▸ Text-to-region grounding data:

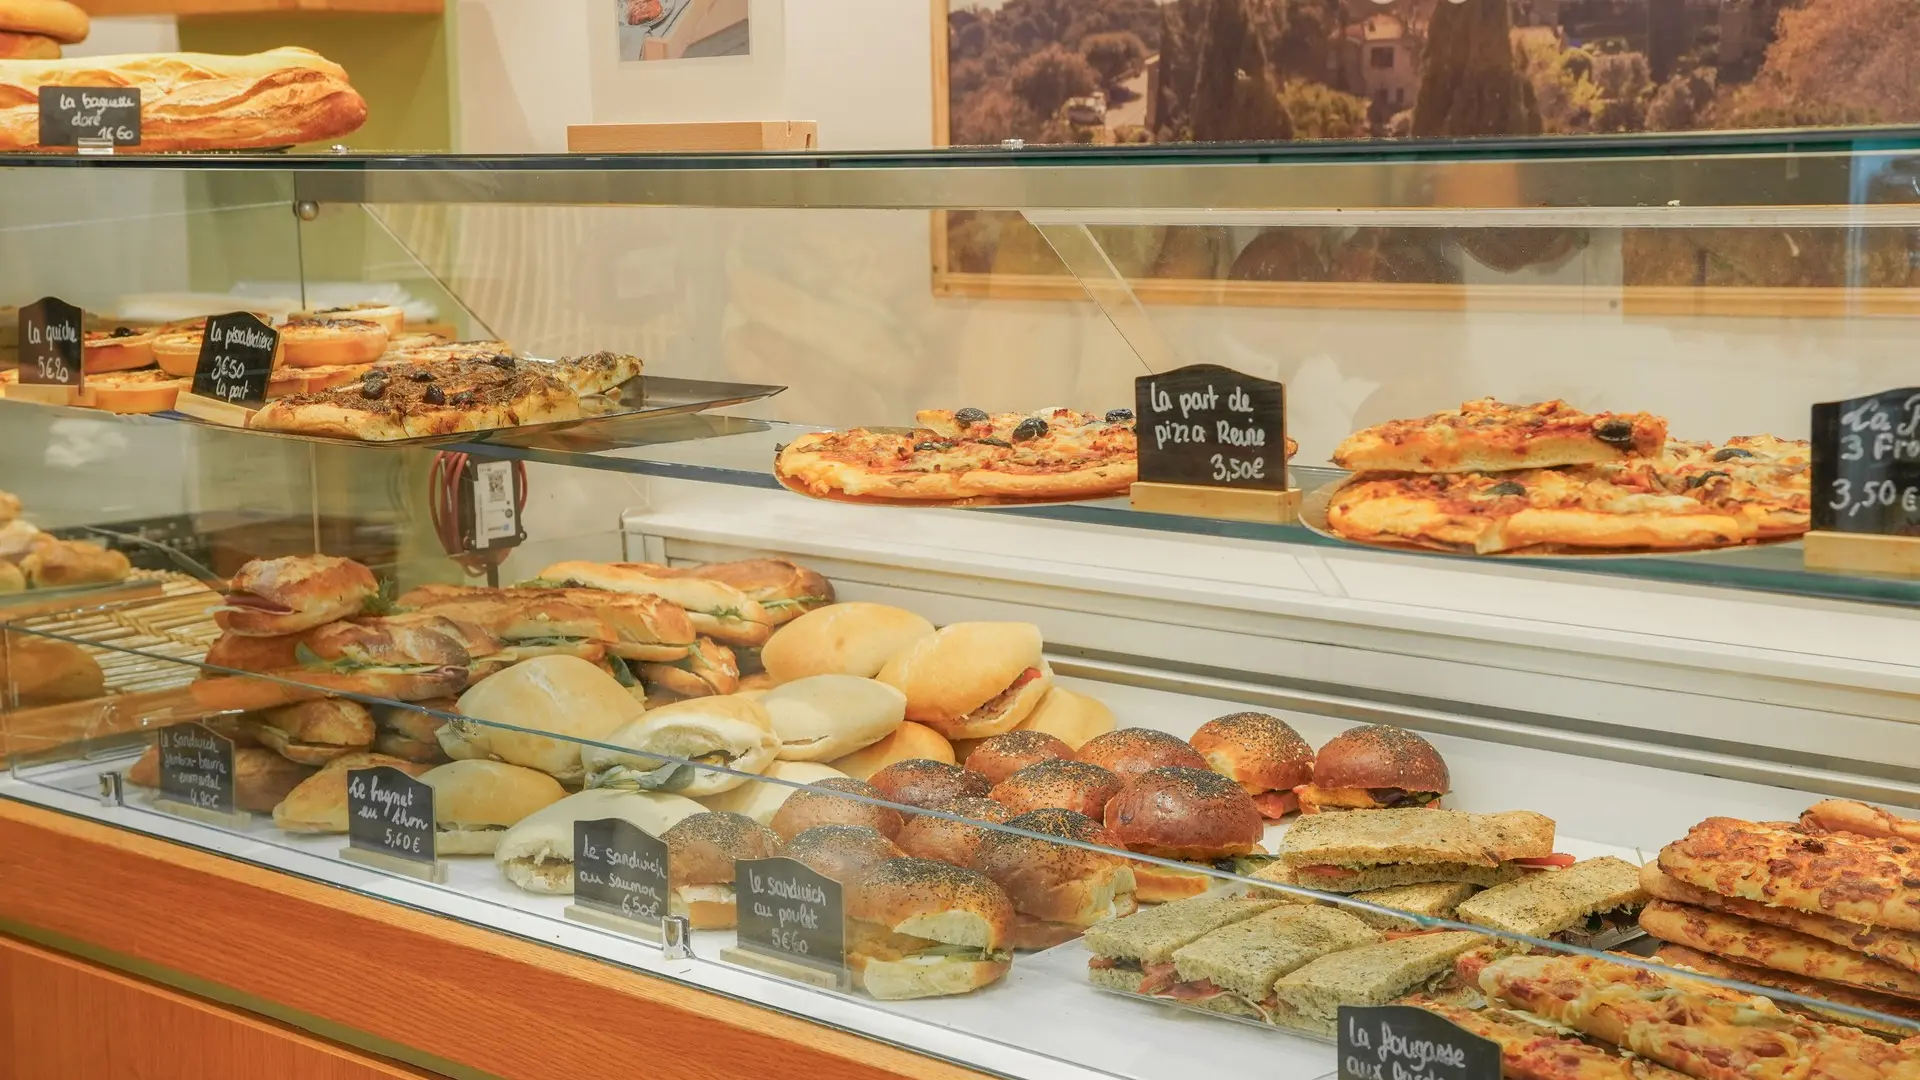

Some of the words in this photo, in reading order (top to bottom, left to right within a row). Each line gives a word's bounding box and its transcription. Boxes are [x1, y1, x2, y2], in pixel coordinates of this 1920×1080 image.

[28, 319, 41, 345] La
[45, 319, 78, 352] quiche
[210, 320, 222, 342] La
[211, 355, 245, 380] 3€50
[228, 380, 249, 403] part
[1179, 384, 1219, 419] part
[1228, 386, 1254, 412] de
[1841, 399, 1892, 432] La
[1154, 420, 1206, 450] pizza
[1216, 417, 1266, 447] Reine
[1841, 434, 1864, 460] 3
[1210, 453, 1266, 482] 3,50€
[370, 775, 413, 817] bagnat
[358, 804, 378, 820] au
[391, 807, 428, 831] thon
[580, 870, 604, 885] au
[621, 893, 661, 921] 6,50€
[754, 901, 773, 918] au
[778, 903, 818, 930] poulet
[771, 927, 808, 954] 5€60

▸ Instructions to follow: Pictures stay out; copy every entry above exactly.

▸ Task solution:
Some of the words in this photo, in reading order (top to bottom, left to right within a row). Each line gives a word's bounding box and its transcription. Boxes are [x1, y1, x2, y2], in pixel coordinates of this 1920×1080 image.

[28, 319, 41, 345] La
[45, 319, 78, 352] quiche
[210, 320, 222, 342] La
[211, 355, 245, 380] 3€50
[228, 380, 249, 403] part
[1179, 384, 1219, 419] part
[1228, 386, 1254, 412] de
[1841, 399, 1892, 432] La
[1154, 420, 1206, 450] pizza
[1216, 417, 1266, 447] Reine
[1841, 434, 1864, 460] 3
[1210, 453, 1266, 482] 3,50€
[370, 775, 413, 817] bagnat
[358, 804, 378, 820] au
[391, 807, 428, 831] thon
[580, 870, 604, 885] au
[621, 893, 661, 921] 6,50€
[754, 901, 773, 918] au
[778, 903, 818, 930] poulet
[771, 927, 808, 954] 5€60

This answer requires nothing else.